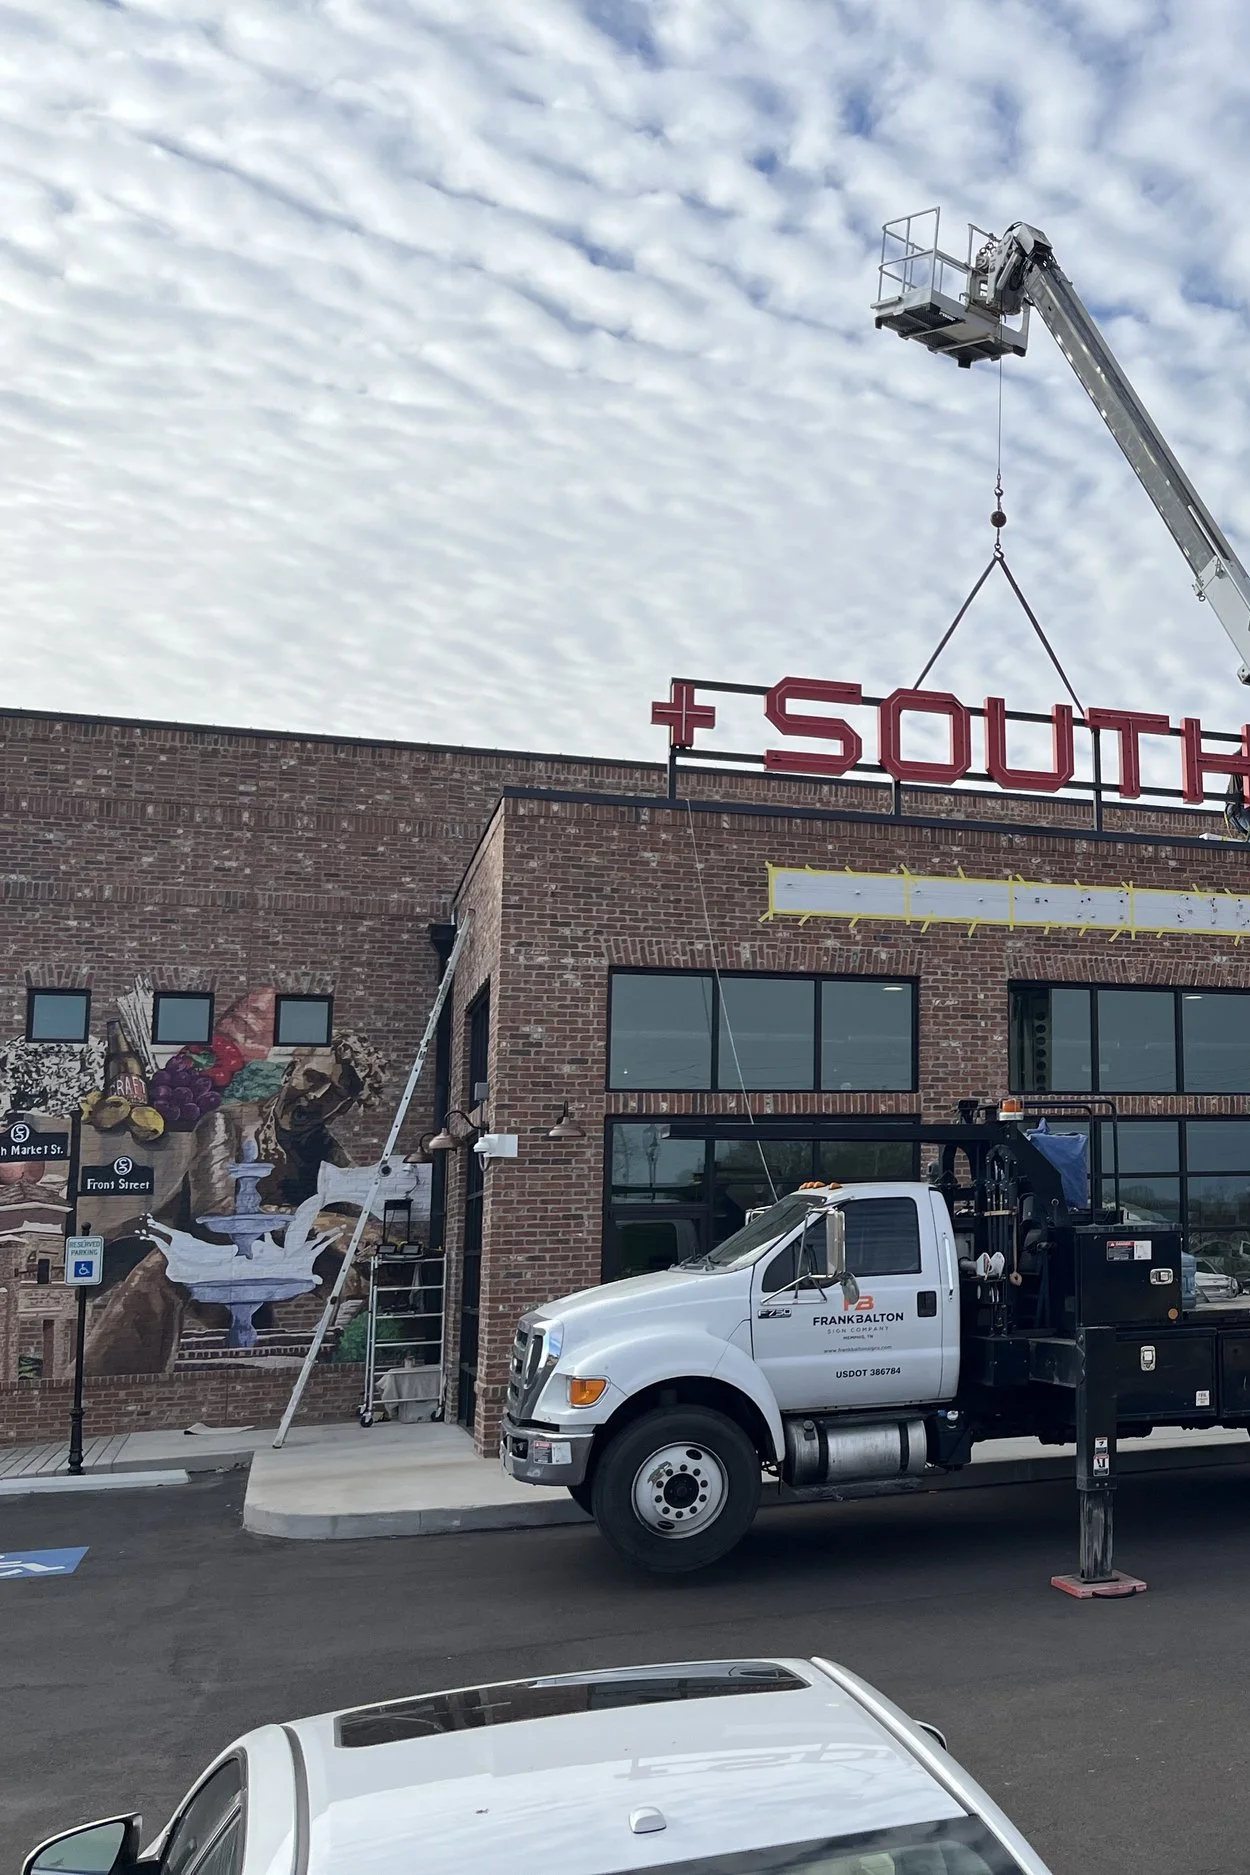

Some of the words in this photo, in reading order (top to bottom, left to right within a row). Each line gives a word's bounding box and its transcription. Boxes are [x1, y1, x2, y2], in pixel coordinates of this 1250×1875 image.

[10, 1145, 48, 1156] Market
[50, 1144, 64, 1155] St.
[87, 1178, 115, 1190] Front
[118, 1178, 150, 1190] Street
[850, 1326, 889, 1334] COMPANY
[835, 1369, 868, 1379] USDOT
[870, 1367, 901, 1377] 386784
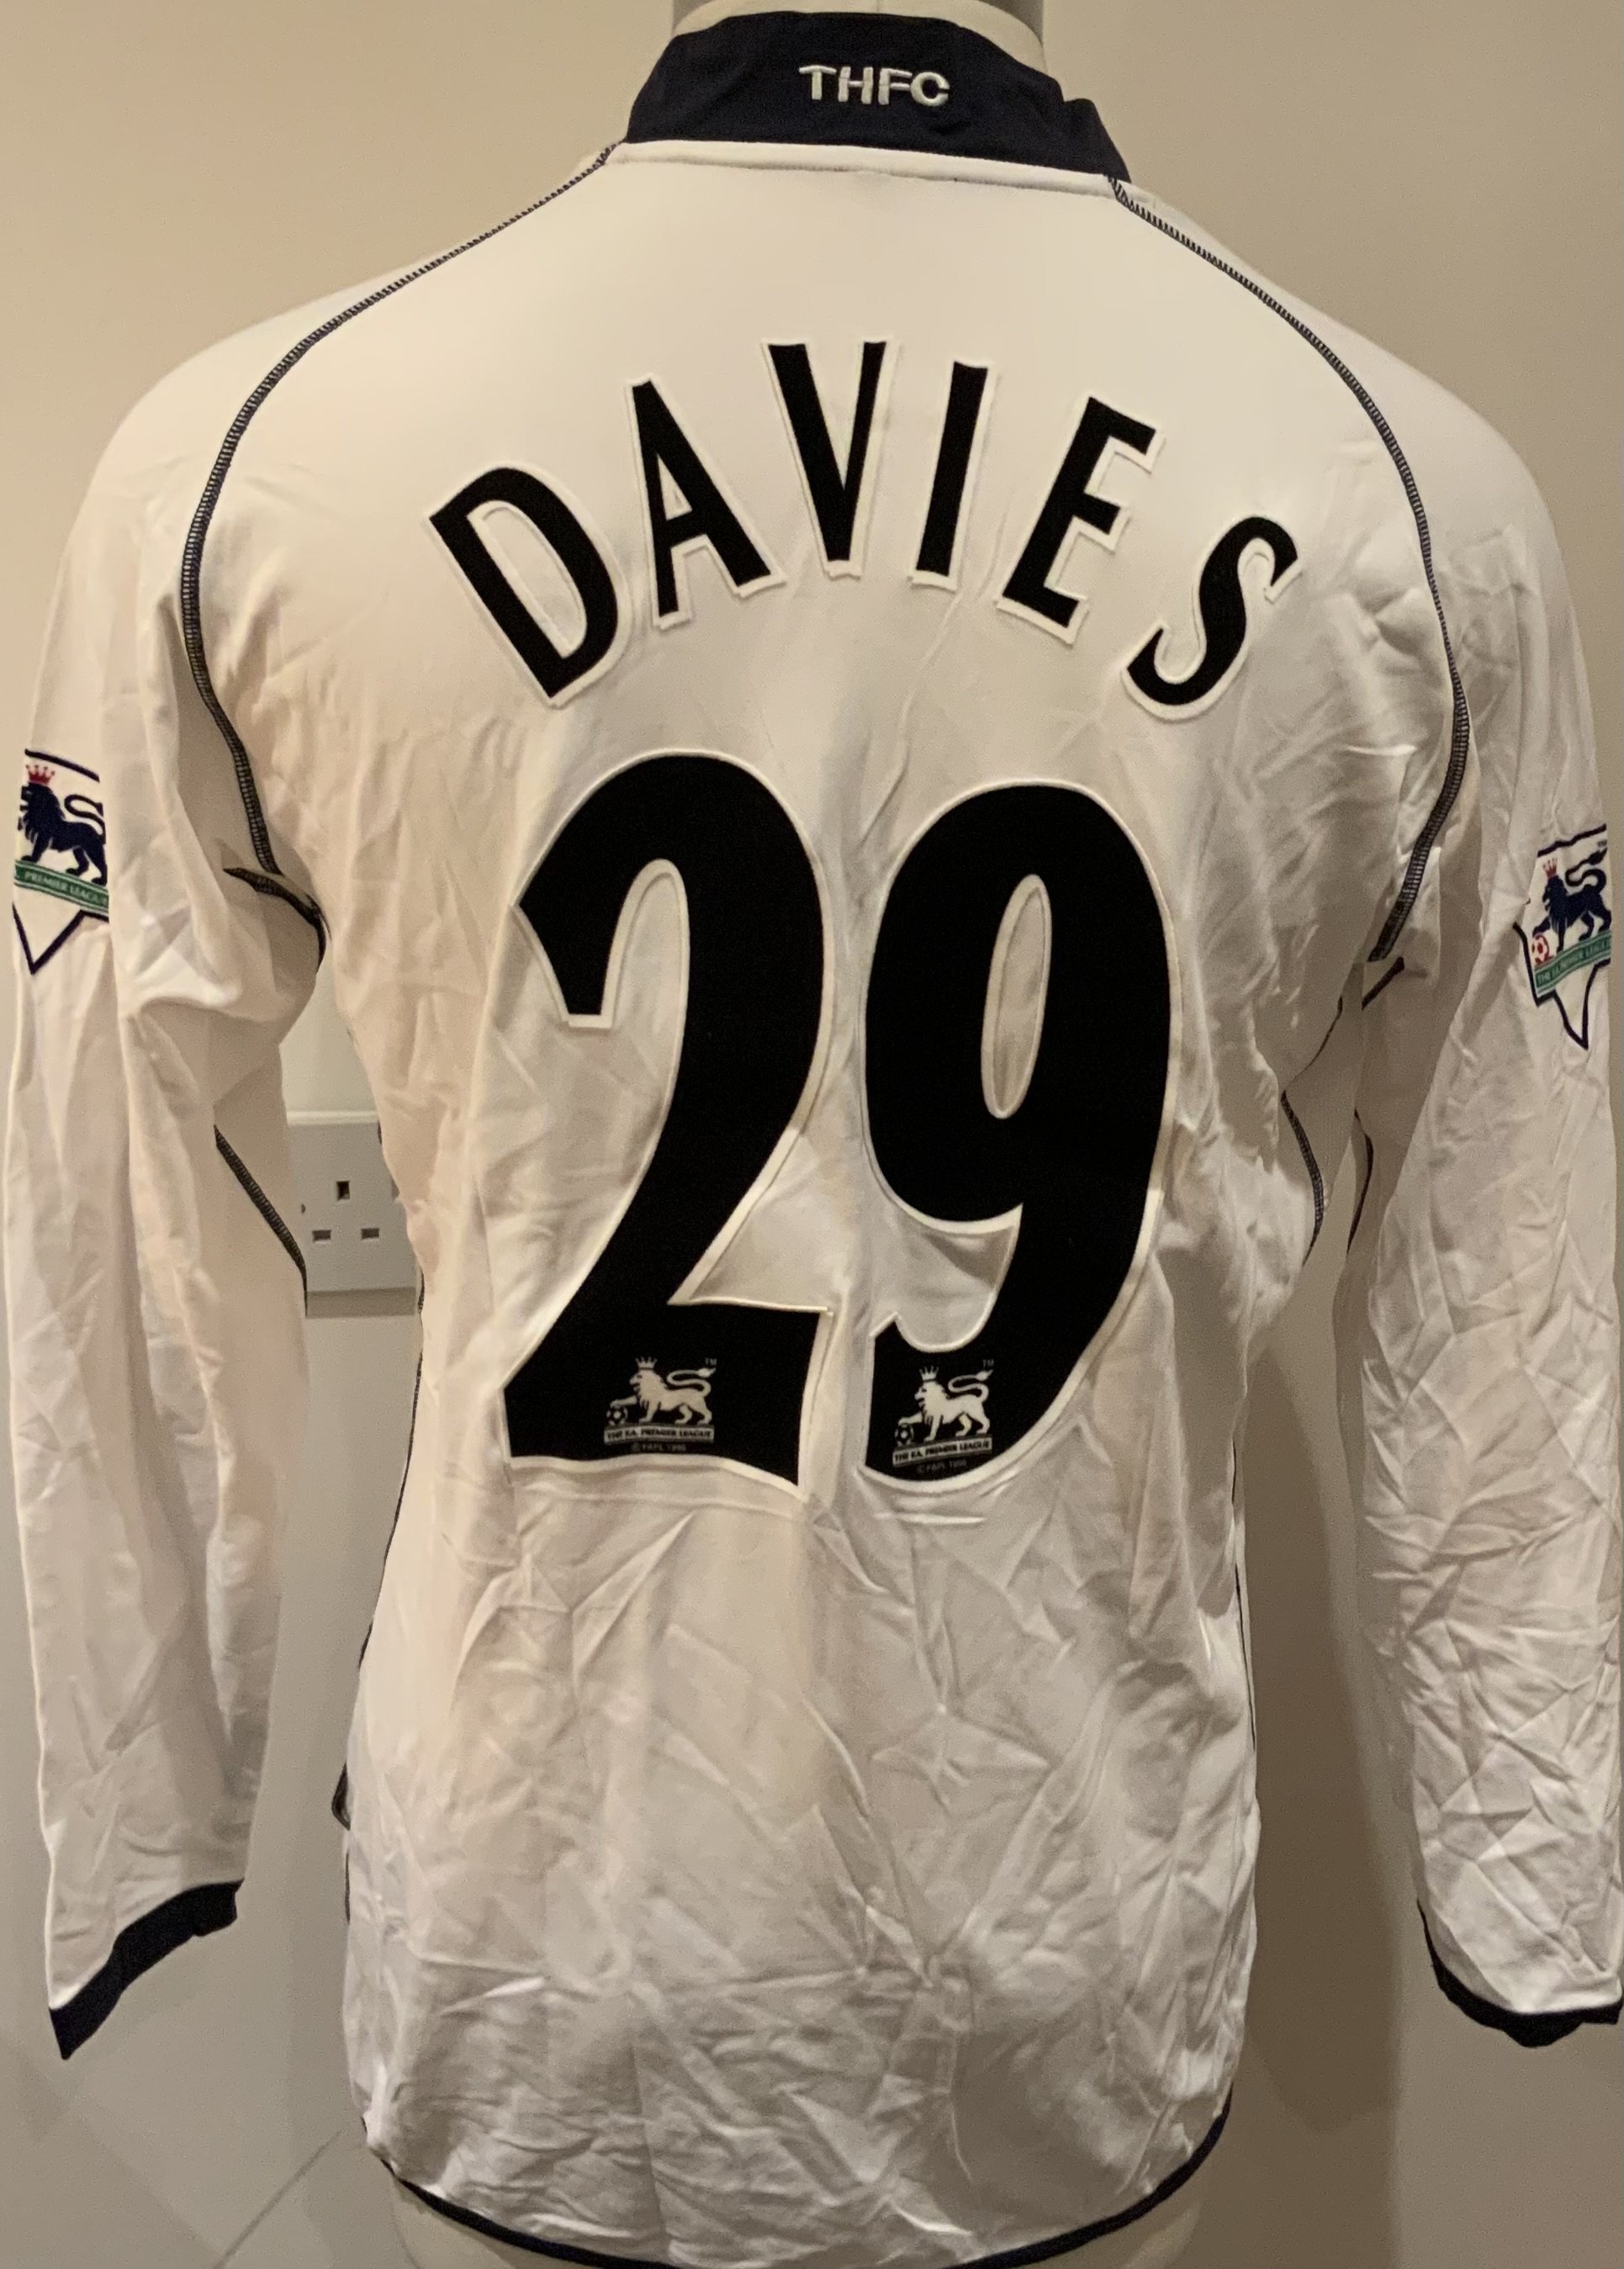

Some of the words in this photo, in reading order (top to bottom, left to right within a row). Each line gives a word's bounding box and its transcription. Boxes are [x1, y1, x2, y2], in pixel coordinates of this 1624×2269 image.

[798, 64, 950, 107] THFC
[428, 341, 1299, 706] DAVIES
[502, 754, 1172, 1487] 29
[606, 1431, 623, 1440] THE
[641, 1429, 677, 1437] PREMIER
[679, 1430, 711, 1438] LEAGUE
[894, 1452, 909, 1462] THE
[925, 1444, 958, 1456] PREMIER
[959, 1440, 990, 1450] LEAGUE

### WHAT TO WORK ON
Nothing but the lines from the one containing "this 1624×2269 image." through the final line of the listing above belongs in the answer; set them down exactly.

### ANSWER SECTION
Some of the words in this photo, in reading order (top to bottom, left to right within a row). Each line gives a word's bounding box and its transcription. Boxes are [x1, y1, x2, y2], in pixel coordinates of this 1624×2269 image.

[798, 64, 950, 107] THFC
[428, 341, 1299, 706] DAVIES
[502, 754, 1172, 1487] 29
[606, 1431, 623, 1440] THE
[641, 1429, 677, 1437] PREMIER
[679, 1430, 711, 1438] LEAGUE
[894, 1452, 909, 1462] THE
[925, 1444, 958, 1456] PREMIER
[959, 1440, 990, 1450] LEAGUE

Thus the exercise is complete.